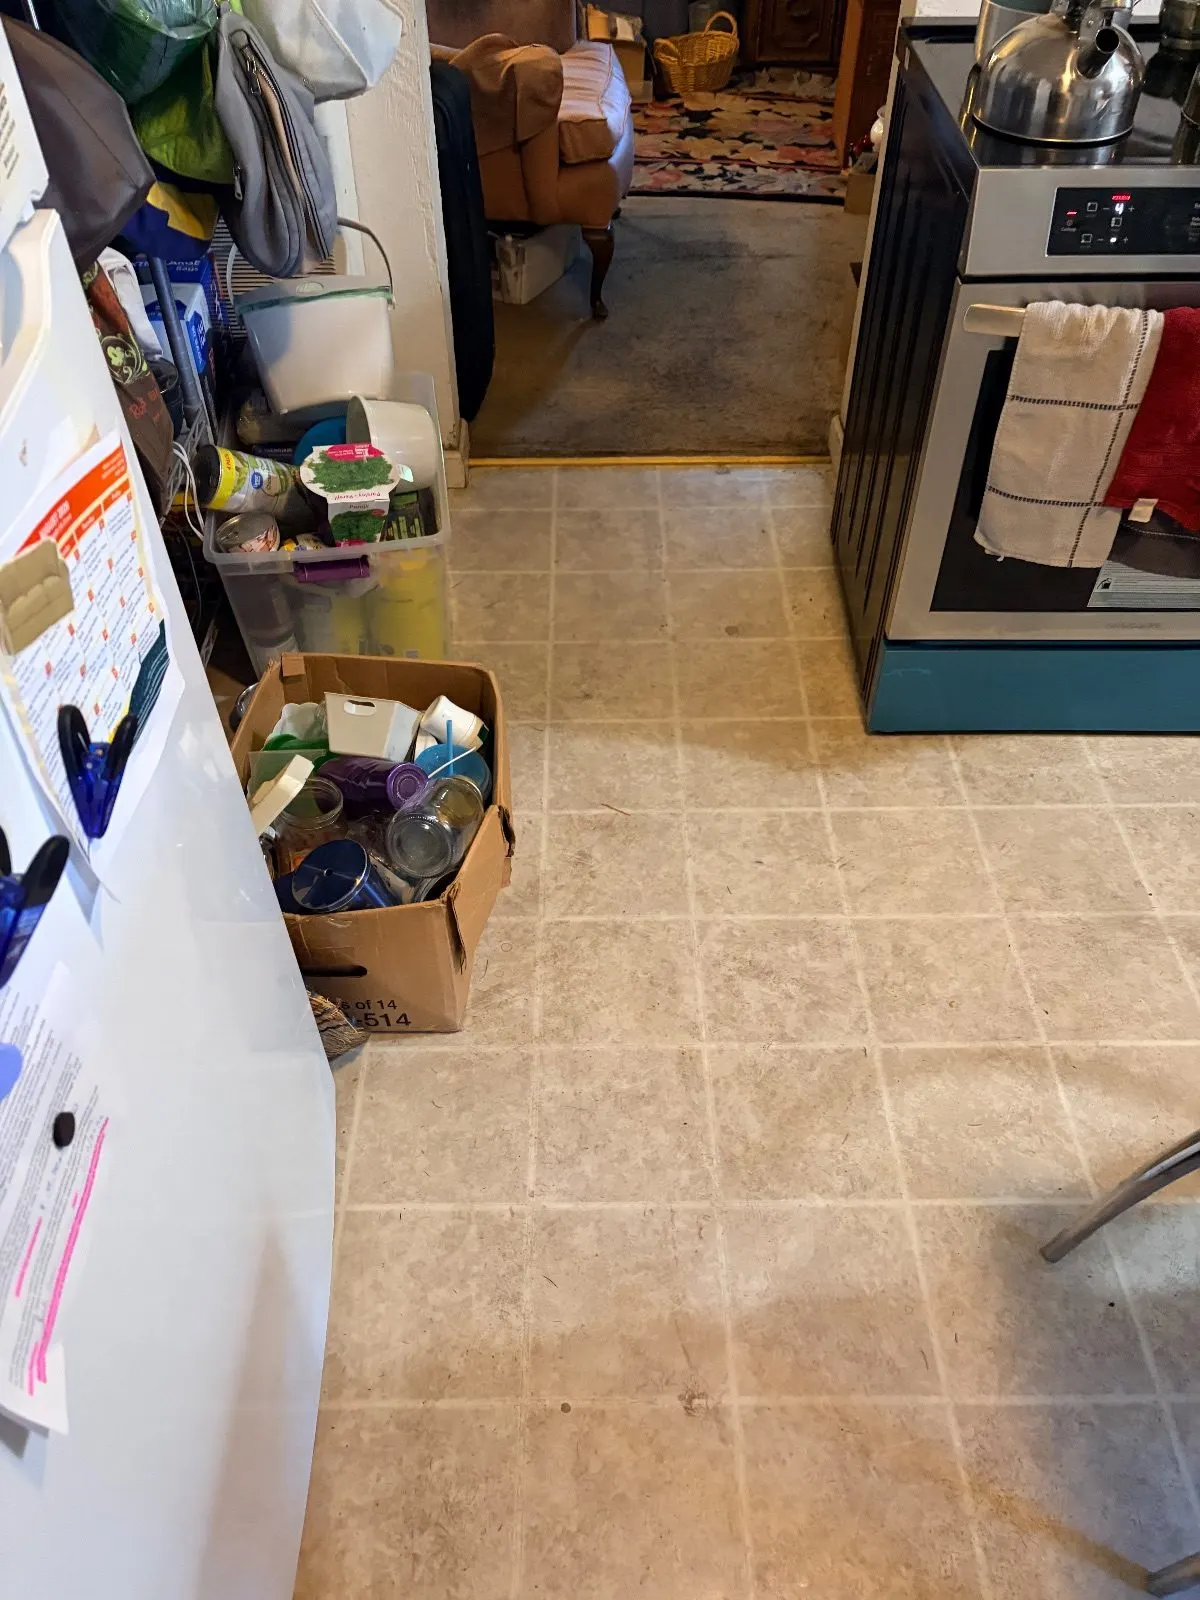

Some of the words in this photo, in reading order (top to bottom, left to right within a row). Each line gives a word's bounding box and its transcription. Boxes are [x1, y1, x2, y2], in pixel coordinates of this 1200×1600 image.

[1115, 203, 1124, 214] 4
[355, 1000, 372, 1010] of
[377, 1000, 397, 1009] 14
[357, 1013, 411, 1027] -514
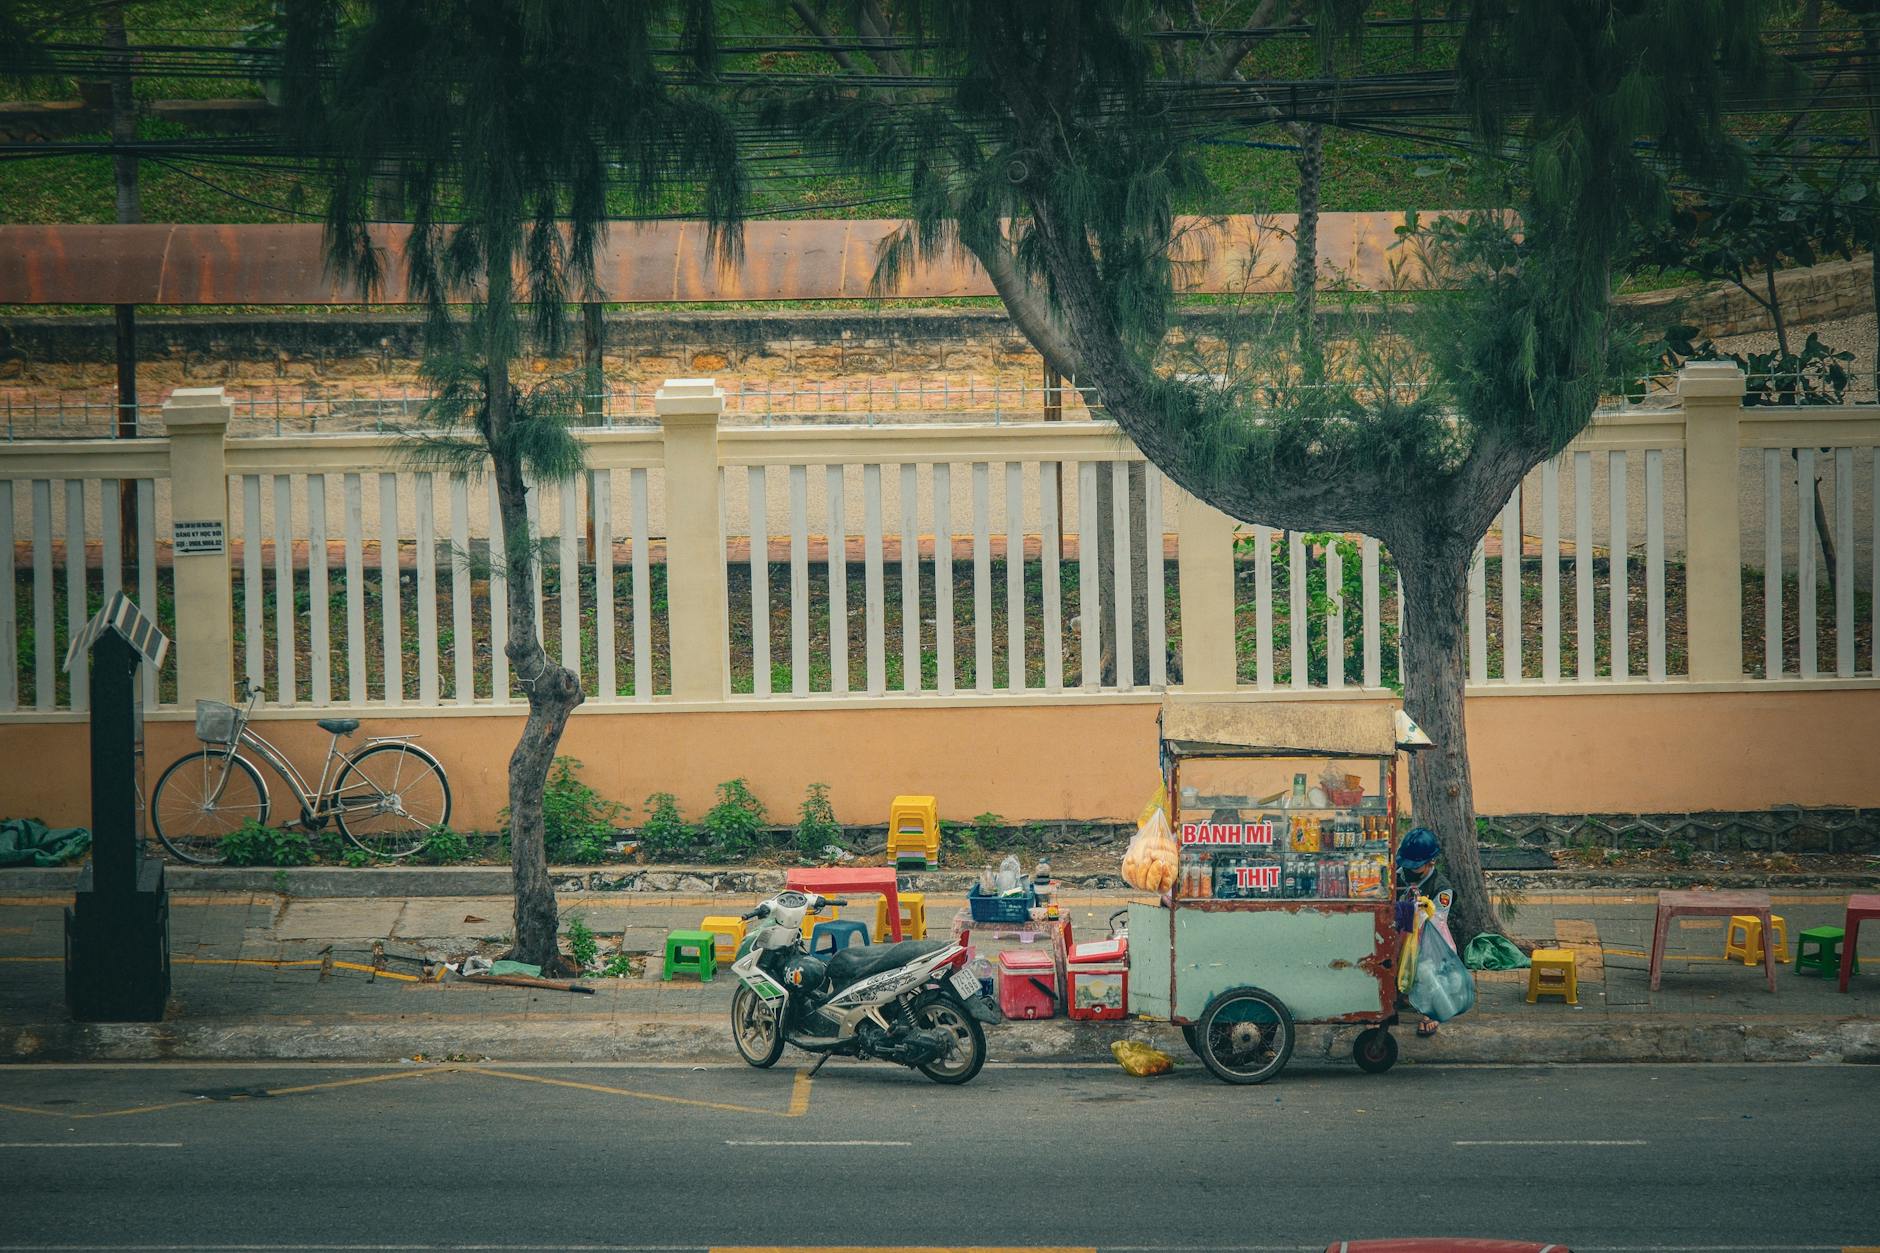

____________________

REQUIREMENT: Return every line of the records exactly as given, pictures excluded.

TASK RESULT:
Some of the words in this photo, in reading order (top to bottom, left to right within a row). Each line gives a word's bounding box and its transcription. Boxes are [x1, y1, x2, y2], in pixel coordinates of this 1200×1600 image.

[1115, 203, 1124, 214] 4
[355, 1000, 372, 1010] of
[377, 1000, 397, 1009] 14
[357, 1013, 411, 1027] -514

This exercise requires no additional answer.